Of course we’ve gone through valleys with the peaks (human, remember?), but even during the worst times that I can remember over the last 18 years, the difficulty for me, as her parent, was that she was hurt or angry or struggling with the things in her own head, and I couldn’t get in there far enough to fix them. She’s always been like that, introspective. I remember when she was going through a particularly rough patch around third or fourth grade, one night she told me, “I just feel sad and I don’t know why.” It broke my heart, for obvious reasons, but it also struck me what a very wise yet simple feeling that was for a child to identify and communicate. It was around that time that I really invested myself into practicing empathy, a life trait that I work really hard to instill in my kids whenever I can: making the effort to, if not understand, at least recognize the pain that sometimes doesn’t have a name, in yourself or in others. There are some thing that we won’t be able to fix, not always right away, anyway. But if we can learn to call those things out and acknowledge that we “don’t know why,” they become less scary. My daughter taught me that.
People who have known me for a long time know that my parenting philosophy is this: I strive not to screw my kids up too much, I want to screw them up just enough. I say it half-jokingly, and largely as a way to forgive my maternal shortcomings with a little levity, but I do think it holds some truth. We have to prepare our kids for the world, a world where we won’t be able to protect them all the time. Many years ago, I heard parenthood described in another, similar way that really resonated with me: our goal as parents shouldn’t be to raise good kids, it should be to raise good adults. That’s what they’re going to be for the majority of their lives, so that’s where the focus should be. Well I don’t know how it happened, and I would never dream of claiming all—or even most—of the credit, but I look at Kenzie today, and I’ll be damned. She’s a pretty good adult. Looks like we screwed her up just right.
So I wish you the happiest of birthdays, Little Girl.
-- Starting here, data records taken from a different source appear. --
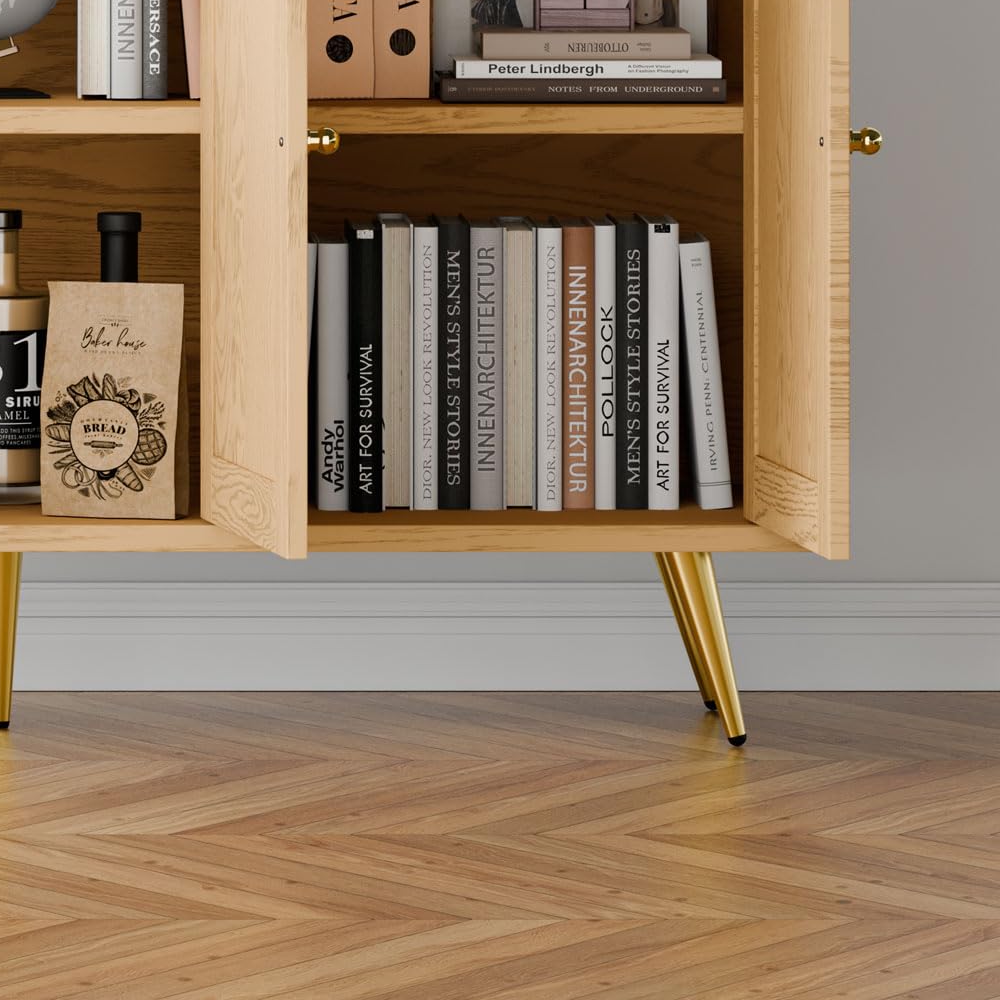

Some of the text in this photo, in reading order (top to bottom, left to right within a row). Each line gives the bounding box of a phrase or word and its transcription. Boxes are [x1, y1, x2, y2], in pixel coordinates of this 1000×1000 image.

[488, 63, 604, 77] Peter Lindbergh
[567, 42, 629, 53] OTTOBEUREN
[548, 85, 703, 93] NOTES FROM UNDERGROUND
[422, 244, 432, 353] REVOLUTION
[546, 245, 556, 354] REVOLUTION
[627, 248, 641, 341] STORIES
[81, 326, 148, 351] Baker house
[446, 321, 461, 390] STYLE
[477, 246, 496, 472] INNENARCHITEKTUR
[695, 290, 710, 374] CENTENNIAL
[5, 396, 40, 408] SIRU
[422, 360, 432, 408] LOOK
[546, 360, 556, 409] LOOK
[568, 265, 588, 493] INNENARCHITEKTUR
[600, 305, 615, 437] POLLOCK
[627, 344, 641, 414] STYLE
[83, 423, 126, 435] BREAD
[358, 343, 373, 495] ART FOR SURVIVAL
[422, 413, 432, 451] NEW
[446, 395, 461, 486] STORIES
[546, 413, 556, 451] NEW
[656, 338, 670, 491] ART FOR SURVIVAL
[705, 421, 718, 472] IRVING
[321, 428, 336, 484] Andy
[333, 420, 345, 493] Warhol
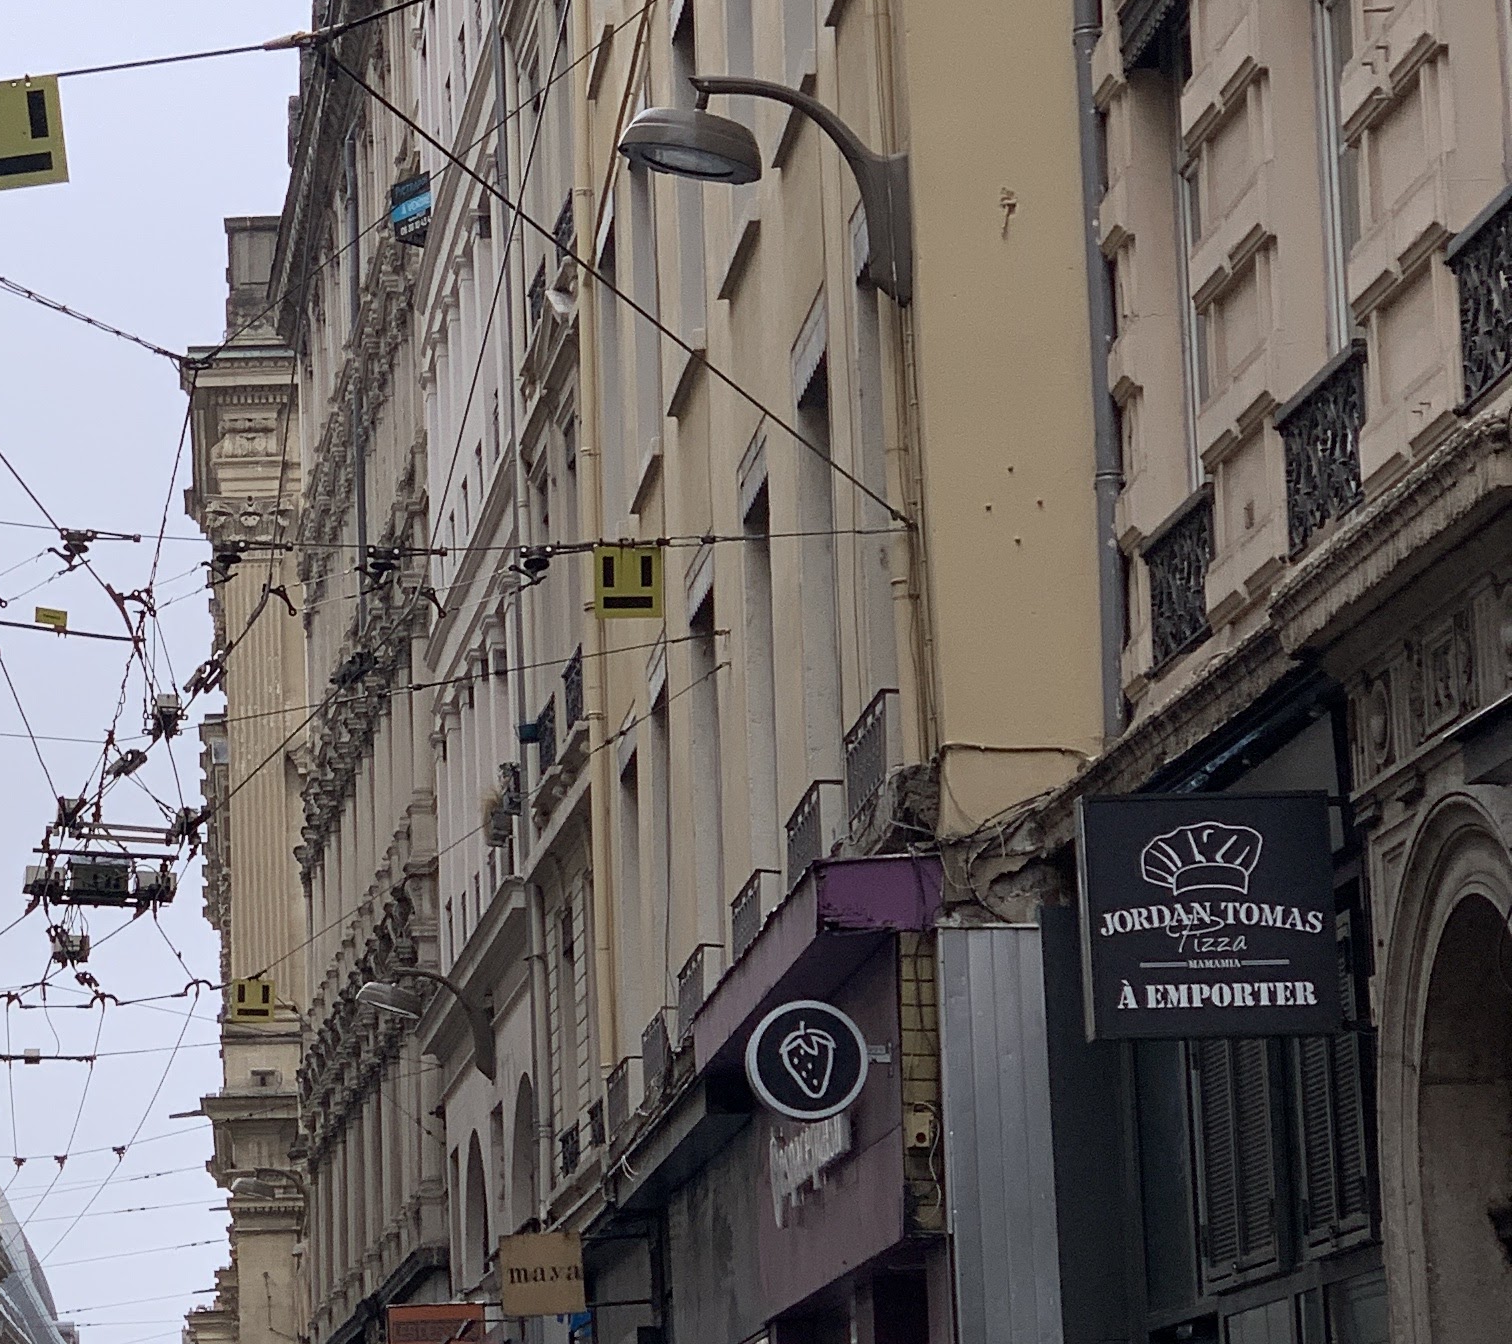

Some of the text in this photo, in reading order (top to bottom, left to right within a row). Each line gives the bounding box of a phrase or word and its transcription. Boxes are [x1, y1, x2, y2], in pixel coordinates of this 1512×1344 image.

[1100, 902, 1324, 936] JORDAN TOMAS
[1166, 914, 1247, 953] Pizza
[1188, 958, 1241, 969] MAMAMIA
[1118, 979, 1317, 1009] À EMPORTER
[509, 1265, 582, 1285] maya
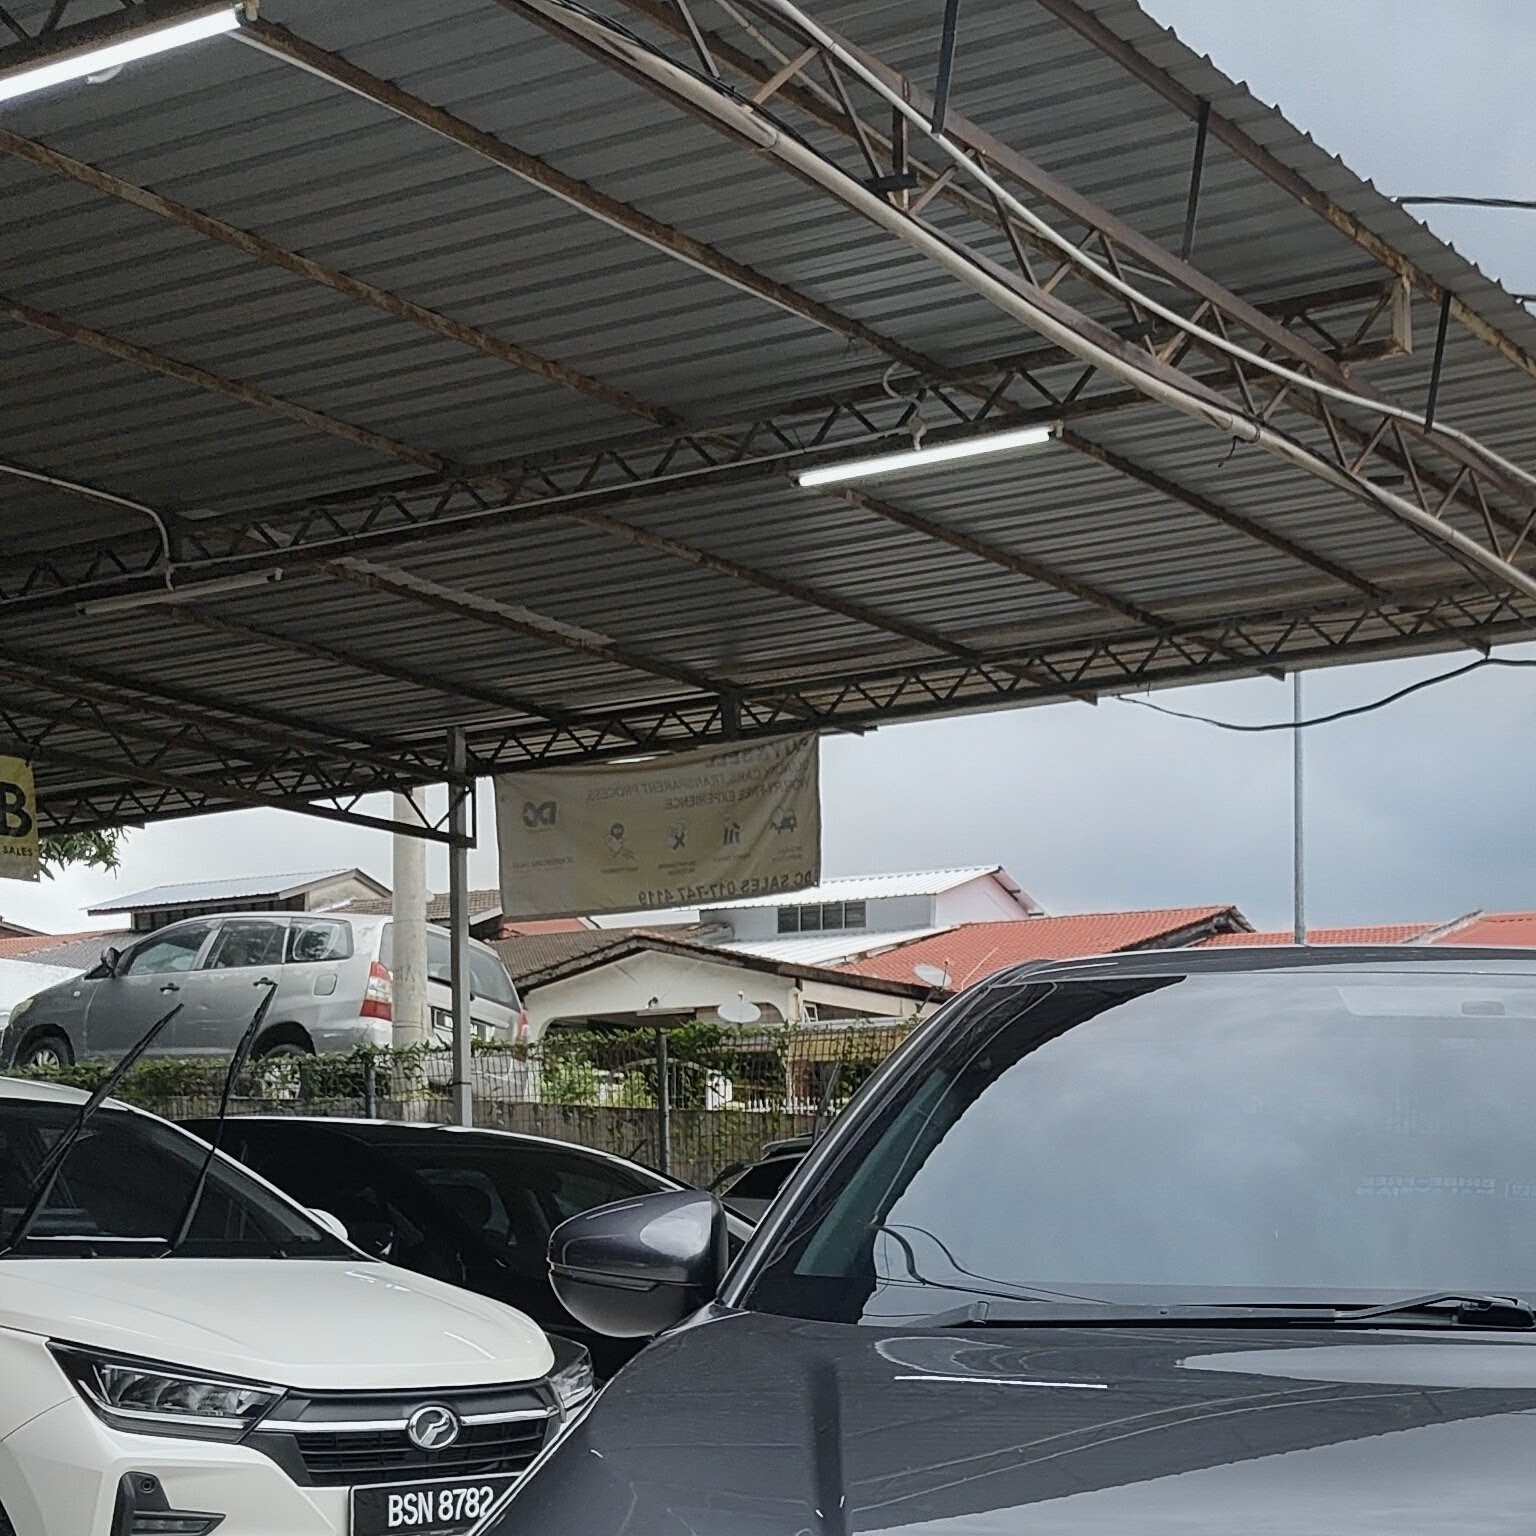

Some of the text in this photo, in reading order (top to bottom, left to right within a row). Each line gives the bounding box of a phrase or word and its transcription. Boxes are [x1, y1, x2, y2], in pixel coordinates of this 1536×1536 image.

[2, 845, 33, 857] SALES
[388, 1485, 494, 1528] BSN 8782
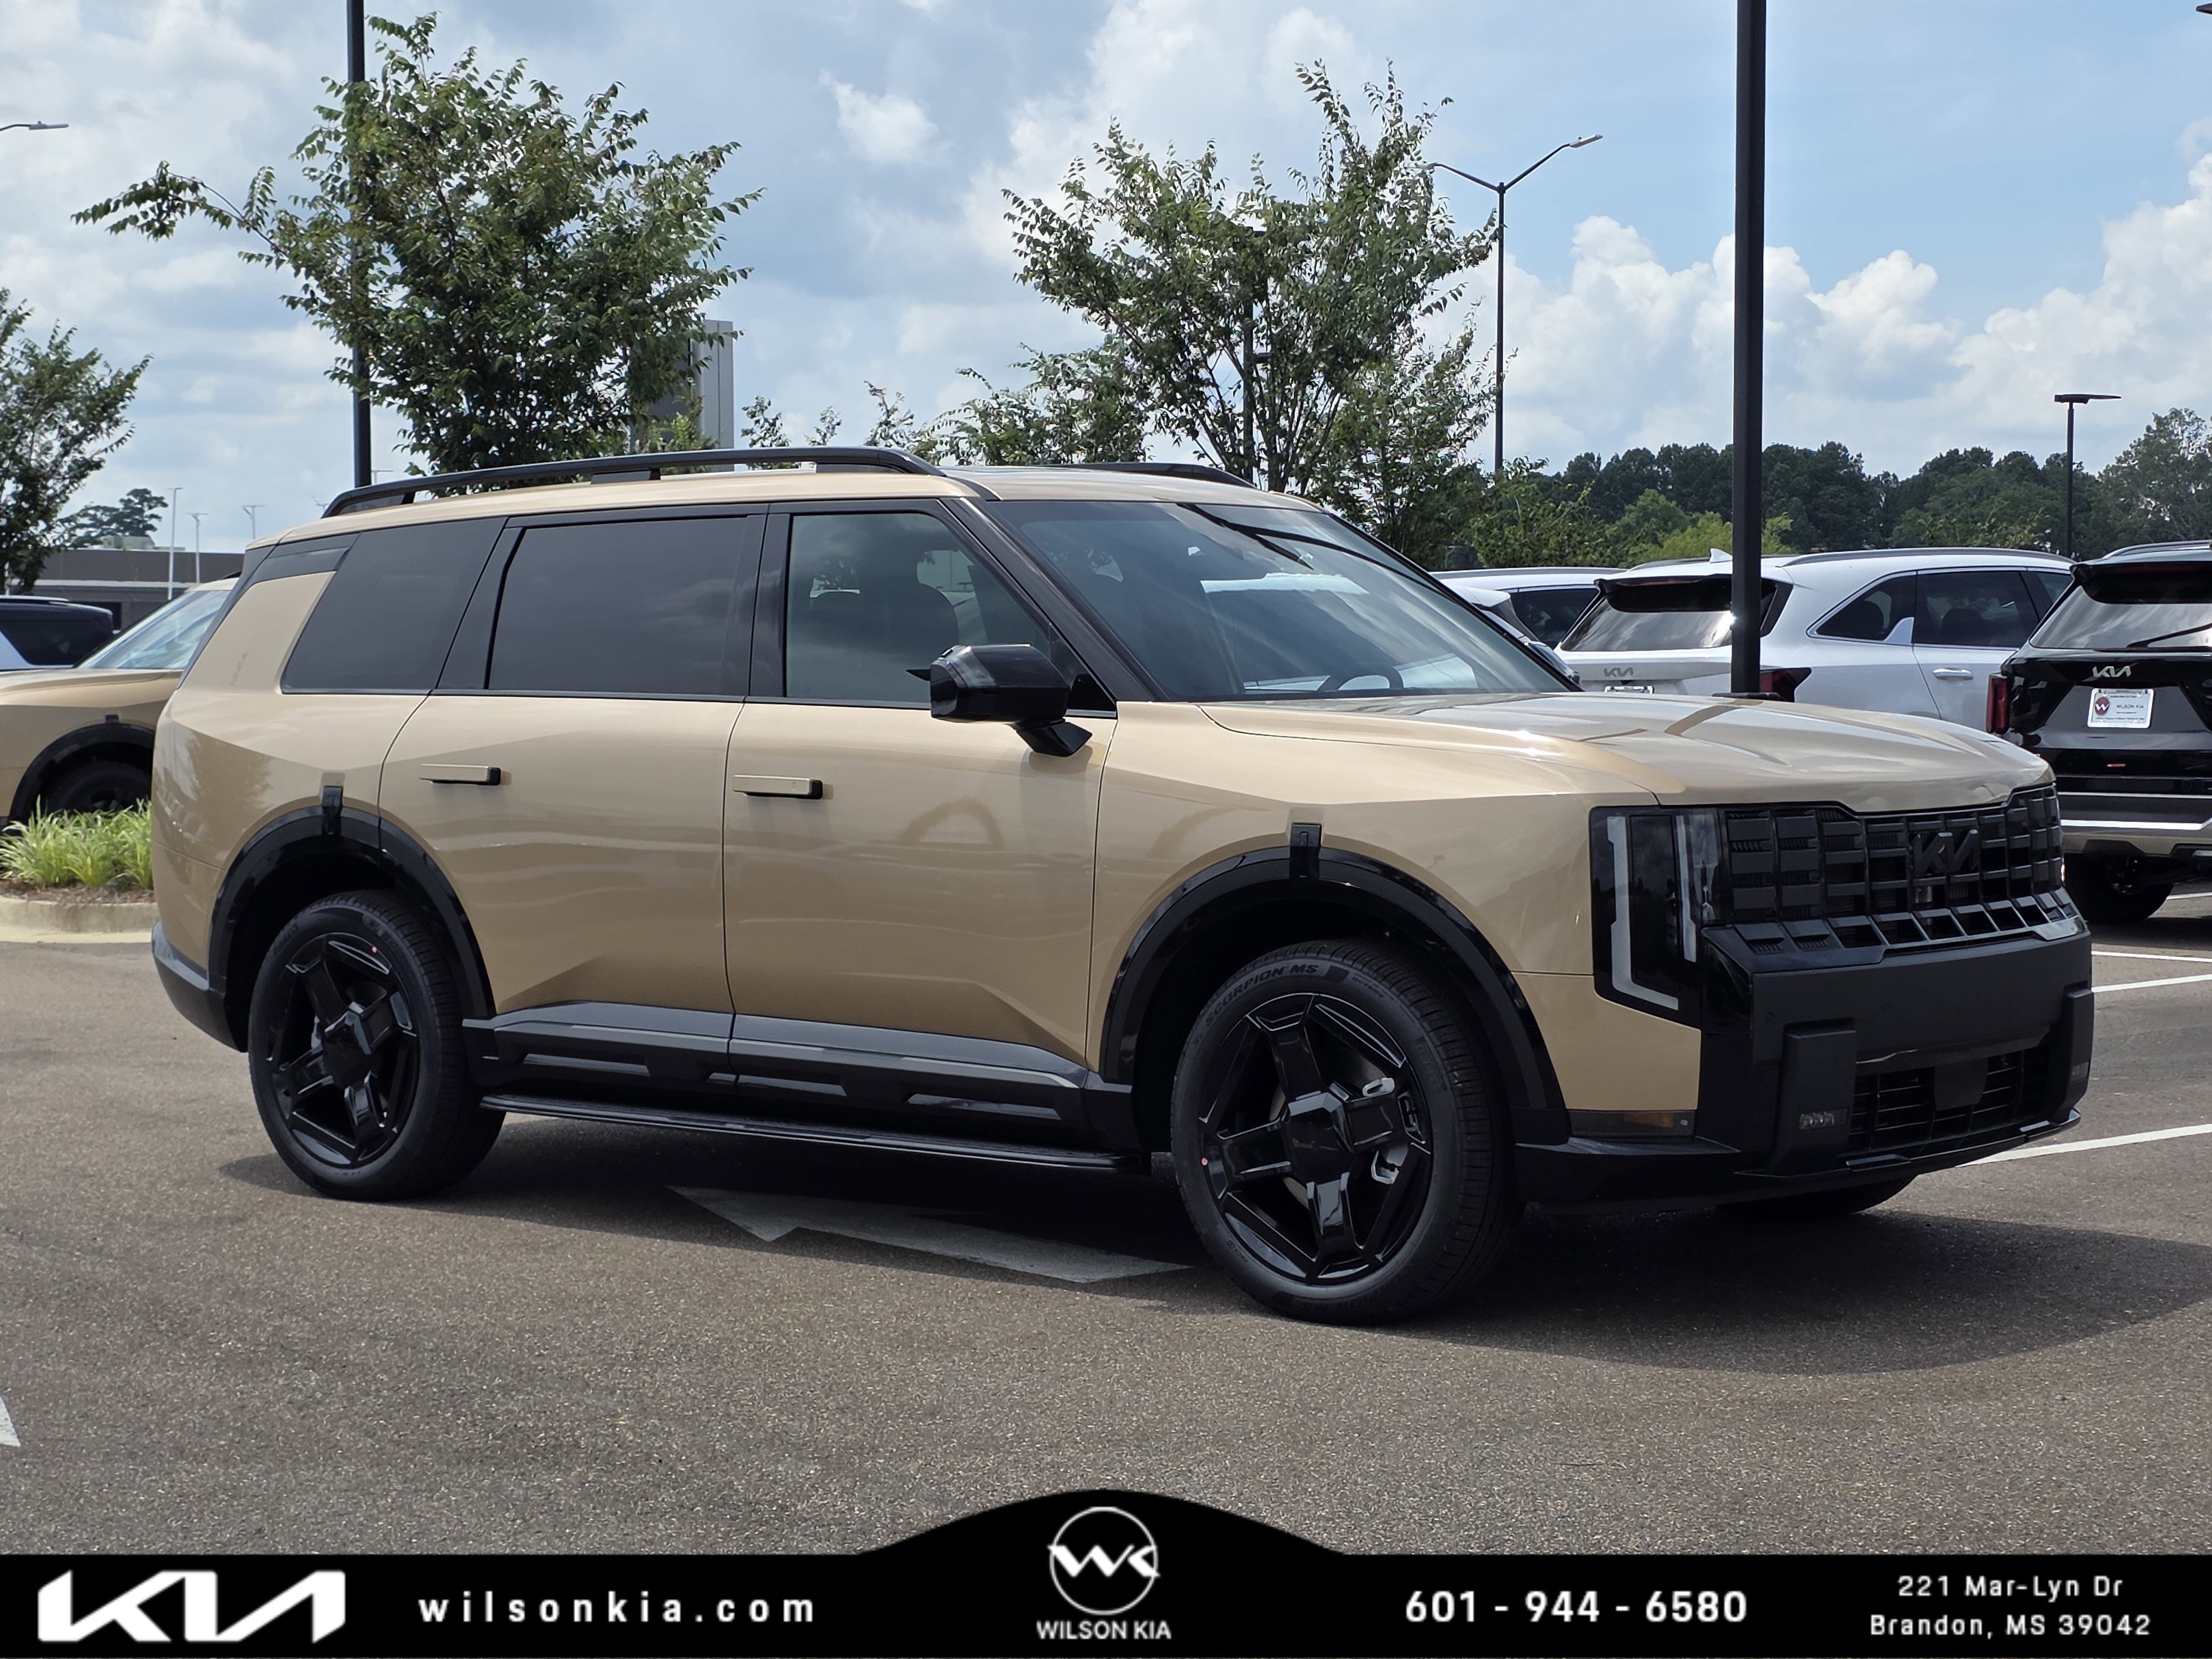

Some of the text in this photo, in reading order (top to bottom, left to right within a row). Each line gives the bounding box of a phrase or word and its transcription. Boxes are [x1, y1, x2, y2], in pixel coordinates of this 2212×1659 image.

I am amazed by you, so fucking proud of you, I love you bigger than the universe, and I can’t wait to see what’s to come for you. Thank you for making me a mom and then teaching me how to be one.
(*I don’t want to close this post without throwing heaps of praise, thanks, and crisp high-fives to Scott. Scotty, you are a remarkable father, rightly adored by your daughters, and I am fortunate to have you as my co-pilot on this parenting journey.)